Vendita di partecipazioni societarie: bene mediato o immediato?

Autore: Valentina Castelli

21 Settembre 2021

La Suprema Corte di Cassazione, con l’ordinanza n. 17053 del 16 giugno 2021, è tornata a discorrere sulla questione della vendita di partecipazioni societarie come bene mediato o immediato.
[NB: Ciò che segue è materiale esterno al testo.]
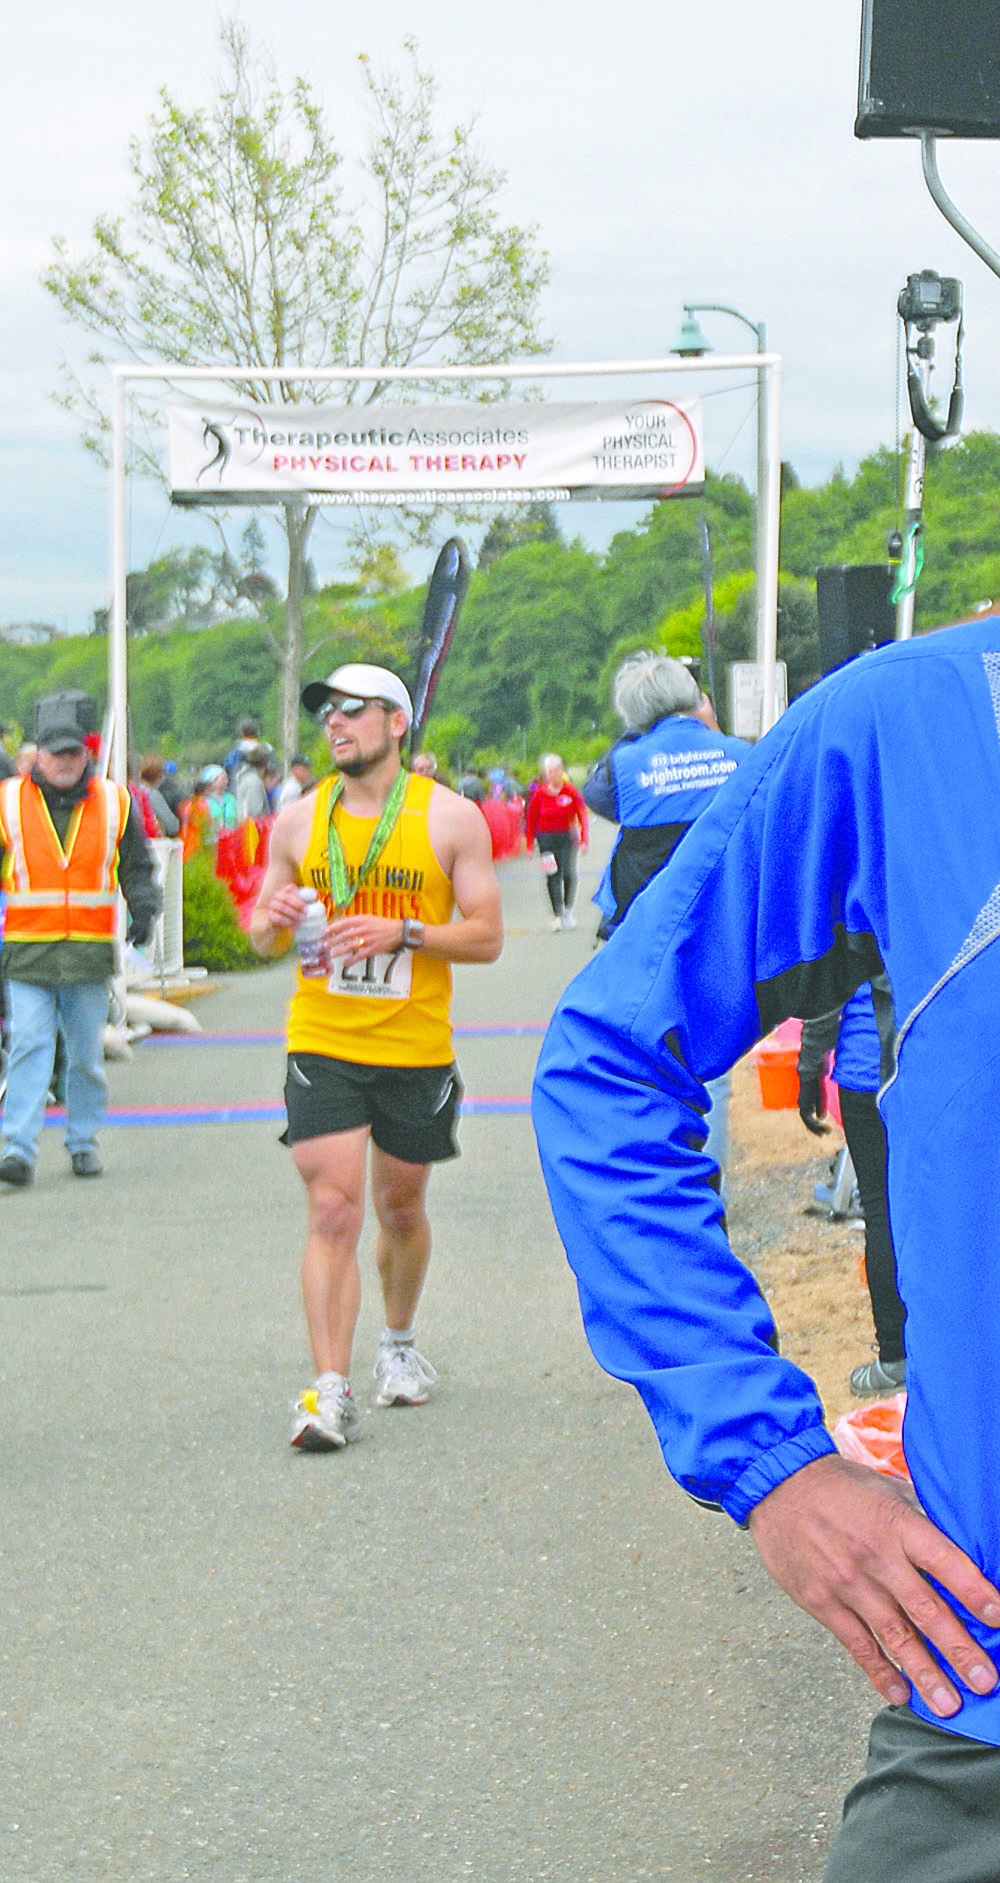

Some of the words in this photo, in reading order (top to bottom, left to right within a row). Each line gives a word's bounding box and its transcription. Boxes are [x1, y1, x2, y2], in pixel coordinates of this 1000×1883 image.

La Corte, in particolare, ha precisato che la disciplina giuridica della vendita di azioni si ferma al bene immediato, ossia alle quote oggetto del contratto, e non si estende alla consistenza del patrimonio sociale, solo nell’ipotesi in cui le parti, per ottenere questo risultato, non abbiano fatto ricorso ad un’espressa clausola di garanzia, quale frutto dell’autonomia contrattuale, che consente alle stesse di ricollegare esplicitamente il valore dell’azione al valore dichiarato nel patrimonio sociale.
Ne deriva che se nel contratto di cessione delle quote societarie il venditore ha assunto specifiche garanzie contrattuali che fanno espresso riferimento ai beni compresi nel patrimonio sociale, l’oggetto della vendita è il bene mediato e, conseguentemente, il valore reale dell’azione rientra tra le qualità di cui all’art. 1429 n. 2 c.c. relativo all’errore essenziale.